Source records
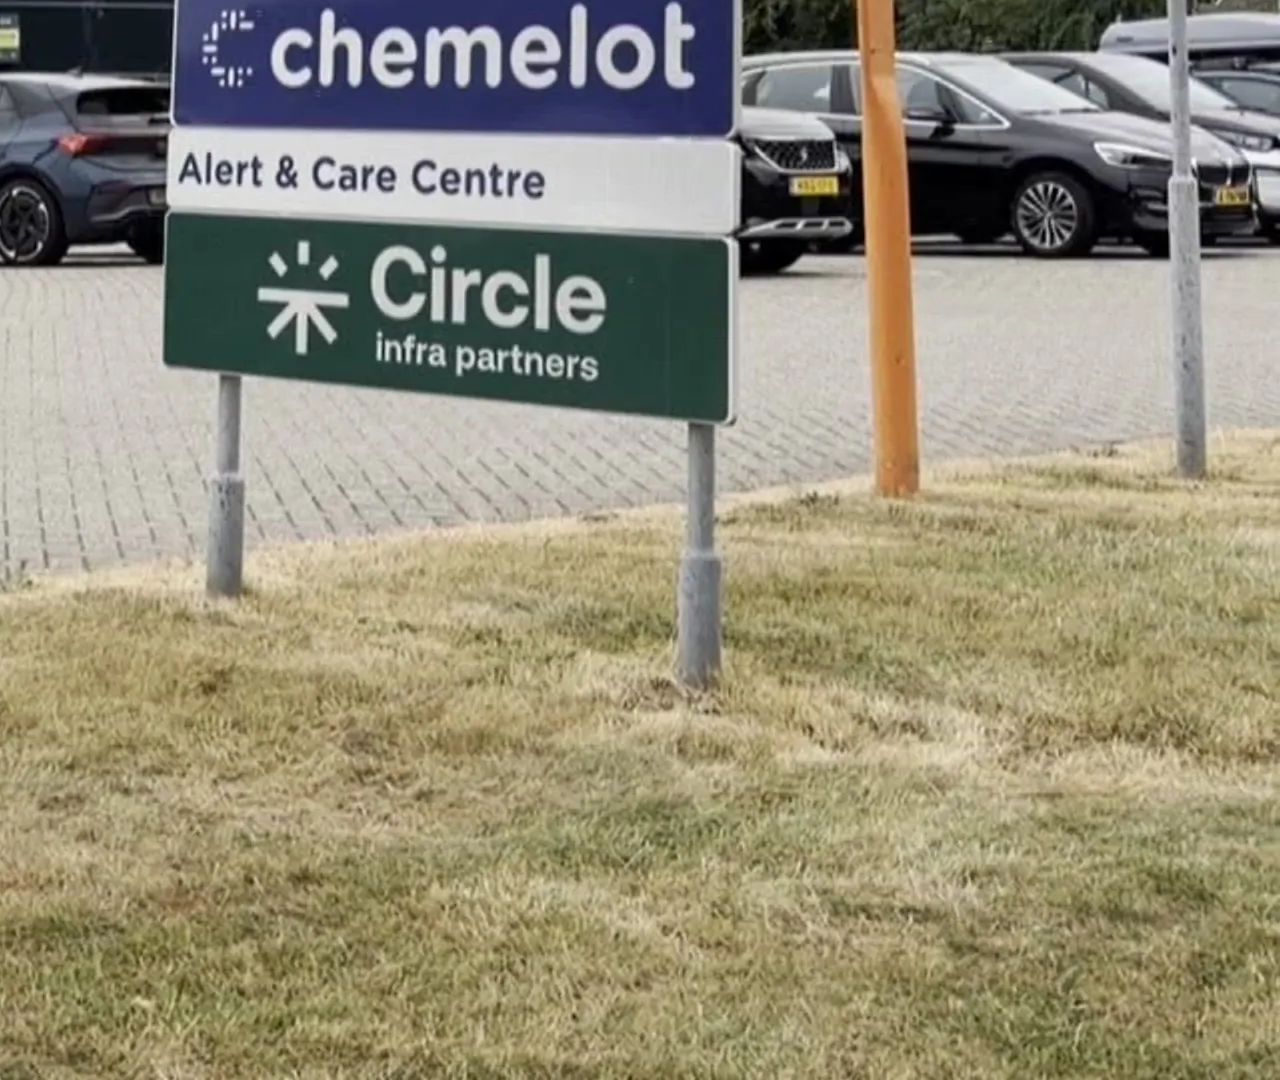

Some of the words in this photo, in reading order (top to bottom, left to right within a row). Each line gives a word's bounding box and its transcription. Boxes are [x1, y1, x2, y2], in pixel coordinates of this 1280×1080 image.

[270, 1, 696, 90] chemelot
[178, 152, 263, 188] Alert
[275, 155, 299, 189] &
[312, 155, 397, 193] Care
[411, 160, 546, 199] Centre
[370, 244, 607, 335] Circle
[376, 332, 446, 367] infra
[456, 339, 600, 381] partners

● **WHAT NEEDS TO BE DONE**
Would you copy out every entry above word for word, without the pictures?

● **OUTPUT FOR THIS EXERCISE**
Some of the words in this photo, in reading order (top to bottom, left to right within a row). Each line gives a word's bounding box and its transcription. Boxes are [x1, y1, x2, y2], in pixel coordinates of this 1280×1080 image.

[270, 1, 696, 90] chemelot
[178, 152, 263, 188] Alert
[275, 155, 299, 189] &
[312, 155, 397, 193] Care
[411, 160, 546, 199] Centre
[370, 244, 607, 335] Circle
[376, 332, 446, 367] infra
[456, 339, 600, 381] partners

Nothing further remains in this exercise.